"Urge, ó Garladonia, que aos pequenos há de tornar;
A semente dos heróis, longevo caminho há de adentrar"Seu pai tinha derrotado uma grande besta marítima. Sua mãe havia salvado os moradores do seu vilarejo de um massacre. E por isso é que sua alcunha era de "filho dos heróis". Naquele dia, porém, quando voltou da venda, não os achou em casa. Só o que havia, no centro do cômodo principal, era um casal de ratinhos.

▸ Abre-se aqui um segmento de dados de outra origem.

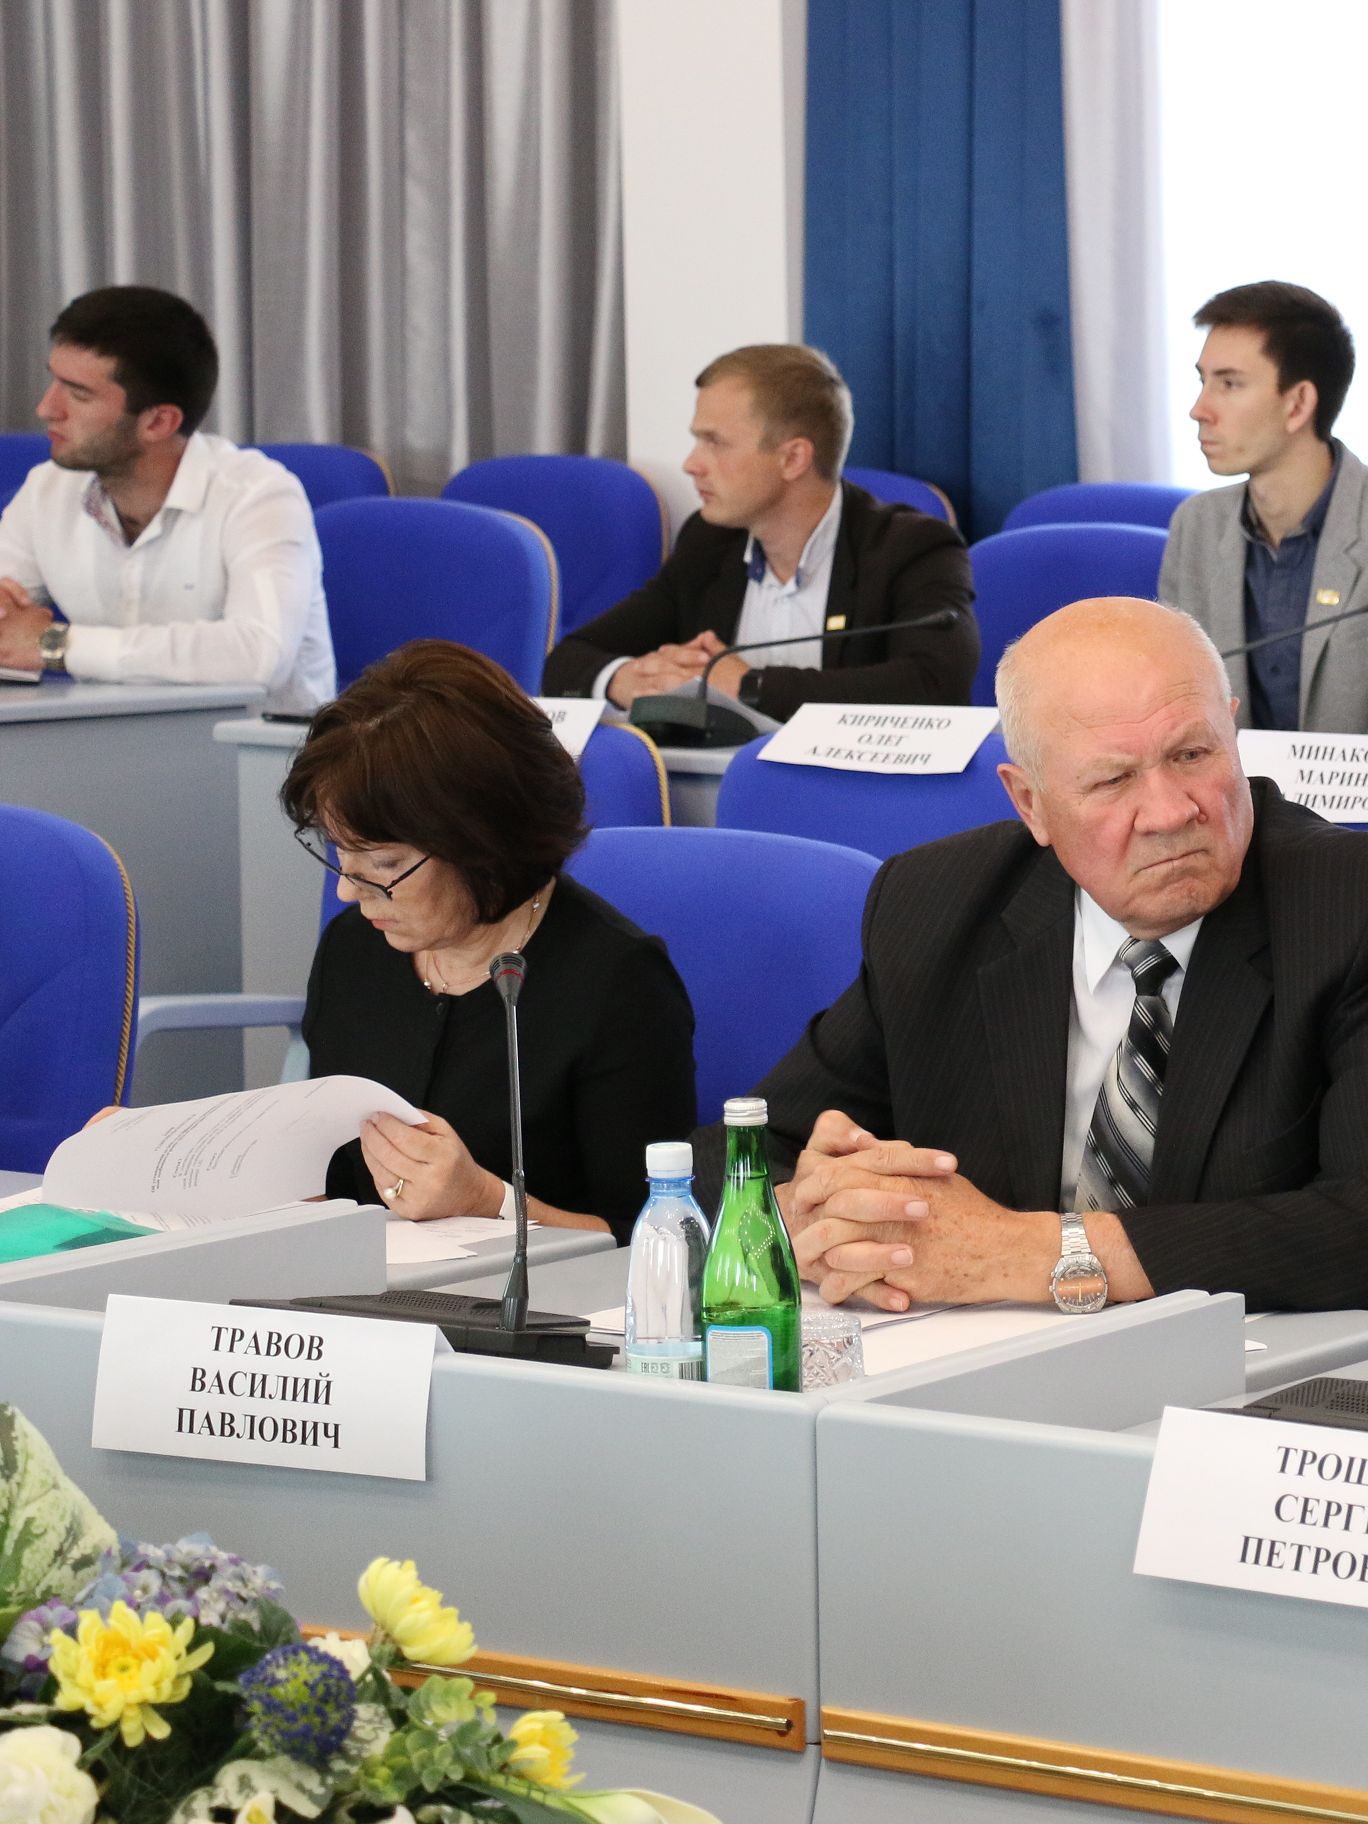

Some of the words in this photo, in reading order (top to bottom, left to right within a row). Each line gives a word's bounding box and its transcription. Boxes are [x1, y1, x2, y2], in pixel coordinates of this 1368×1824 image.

O jovem de pele parda e cabelos cacheados largou todos os seus cestos na soleira da porta e se apressou até os roedores, segurando-os, conferindo suas barriguinhas claras, se perguntando de onde teriam eles saído. E de repente, um grande facho de luz atravessou uma fresta no teto, e caiu logo acima do rapaz, iluminando sua cabeça. Ele, como que pressupondo uma aspiração divina, inclinou o rosto para cima. Foi quando desceu dos céus uma dama formosa de cabelos ondulados e palmas abertas, nobremente trajada.
— Quem é você?
— Eu sou Silma, filha da padroeira Glokylia, da parte de Senver. Estou aqui para convocá-lo, Moa.
— Como sabe o meu nome, mulher? Seria você uma deusa?
— Meu caro, não aprendeu com seus pais como é, de fato, a hierarquia de Tybgretor? Não posso ser uma deusa se nasci de uma bendita. Sou uma portadora das mensagens sagradas. Uma guia para os perdidos e fracos, mas também para os aventureiros e obstinados. E você, Moa Qinric, é um Ungido.
Moa recuou, confuso. Do que ela está falando?
— Desde que nasci, minha cabeça jamais conheceu óleo, senão do sacerdote de início. Mas não é disso que você está falando, eu imagino.
— Você é esperto, filho de Helmalis. Pois aqui está a verdade: seus pais são, de fato, esses ratos.
— Como?
— Um enviado dos Enegrecidos, um aprendiz dos feiticeiros, foi mandado até aqui para isso. Frilsan conhece a ira de seus irmãos lá em cima, e não quis matá-los, ou todo o céu se vingaria. Então ele os rebaixou à meras criaturas indesejadas. Mas não há tempo para explicações. Precisa ir agora.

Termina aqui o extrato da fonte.